Abstract 17937: Distinct Genetic Modifiers of Heart and Muscle Fibrosis in Muscular Dystrophy Revealed by Whole Genome Scan
Background: Mutations in a number of different single genes lead to cardiomyopathy and muscular dystrophy. Despite identical gene mutations, there is often significant variability in human patients that affects age of onset and severity of cardiac and skeletal muscle disease progression. In mice, this phenotypic variability is modeled by breeding into genetically distinct background strains. Mice null for the dystrophin associated protein gamma-sarcoglycan (Sgcg null) develop cardiomyopathy and muscular dystrophy. It was previously shown that cardiac and muscle fibrosis was enhanced in this model in the DBA/2J (D2-Sgcg) background and was suppressed in 129Sv/J background (129-Sgcg).
Methods: To evaluate genetic modifiers that alter cardiac fibrosis in Sgcg null mice, we generated an F2 intercross of D2-Sgcg and 129-Sgcg and employed quantitative trait locus (QTL) mapping. Using a cohort of 282 F2 mice, we analyzed multiple skeletal muscle groups and the cardiac ventricles for fibrosis by measuring hydroxyproline content to reflect collagen deposition. F2 mice were genotyped using 330 markers distributed across the genome. HOP content per tissue was associated with genetic markers using R/QTL.

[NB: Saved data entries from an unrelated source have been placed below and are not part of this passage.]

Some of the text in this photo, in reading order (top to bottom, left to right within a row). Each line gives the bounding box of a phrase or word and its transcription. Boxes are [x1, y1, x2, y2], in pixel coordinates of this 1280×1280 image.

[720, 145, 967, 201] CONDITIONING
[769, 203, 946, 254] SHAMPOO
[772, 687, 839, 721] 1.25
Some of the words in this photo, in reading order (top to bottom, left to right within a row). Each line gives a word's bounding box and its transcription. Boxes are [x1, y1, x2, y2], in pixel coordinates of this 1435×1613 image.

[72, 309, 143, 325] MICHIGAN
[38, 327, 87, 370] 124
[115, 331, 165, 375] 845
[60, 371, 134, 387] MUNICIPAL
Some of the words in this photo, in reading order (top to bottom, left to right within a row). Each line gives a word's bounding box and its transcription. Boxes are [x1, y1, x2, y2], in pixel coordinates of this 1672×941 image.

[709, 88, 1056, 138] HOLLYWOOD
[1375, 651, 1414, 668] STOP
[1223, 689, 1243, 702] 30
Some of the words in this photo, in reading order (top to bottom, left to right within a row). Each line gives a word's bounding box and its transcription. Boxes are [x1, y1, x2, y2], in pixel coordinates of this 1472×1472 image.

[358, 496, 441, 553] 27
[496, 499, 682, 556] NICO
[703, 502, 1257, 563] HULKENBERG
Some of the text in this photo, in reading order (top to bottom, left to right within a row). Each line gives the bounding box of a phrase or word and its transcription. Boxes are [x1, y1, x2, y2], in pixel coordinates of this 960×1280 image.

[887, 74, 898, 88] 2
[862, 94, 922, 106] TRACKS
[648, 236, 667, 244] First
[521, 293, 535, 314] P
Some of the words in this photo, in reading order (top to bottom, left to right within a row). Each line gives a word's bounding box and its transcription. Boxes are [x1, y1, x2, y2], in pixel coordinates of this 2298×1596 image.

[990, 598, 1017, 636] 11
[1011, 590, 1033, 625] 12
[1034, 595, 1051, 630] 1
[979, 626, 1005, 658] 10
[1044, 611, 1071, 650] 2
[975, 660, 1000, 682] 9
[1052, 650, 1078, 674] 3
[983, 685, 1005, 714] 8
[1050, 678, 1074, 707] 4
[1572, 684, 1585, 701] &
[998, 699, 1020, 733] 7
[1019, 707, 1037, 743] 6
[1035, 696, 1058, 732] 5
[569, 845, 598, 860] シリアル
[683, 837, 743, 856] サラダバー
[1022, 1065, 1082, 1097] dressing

Results: We found that fibrotic content in the limb based skeletal quadriceps muscle linked to a region on chromosome 7 (LOD = 6.8). This region is known to contain Ltbp4, a TGFbeta binding protein. In contrast, cardiac ventricle fibrosis showed significant linkage to a region on chromosome 9 (LOD = 4.1). Fibrosis in the diaphragm and abdominal muscles, both axial muscles, showed linkage to chromosome 3 (LOD = 7.3, LOD = 5.2).
Conclusions: These findings underscore that the same pathological trait, fibrosis, is modified differently between heart and muscle in a mouse model of muscular dystrophy. These differences may reflect physiological and/or developmental functions.
- © 2010 by American Heart Association, Inc.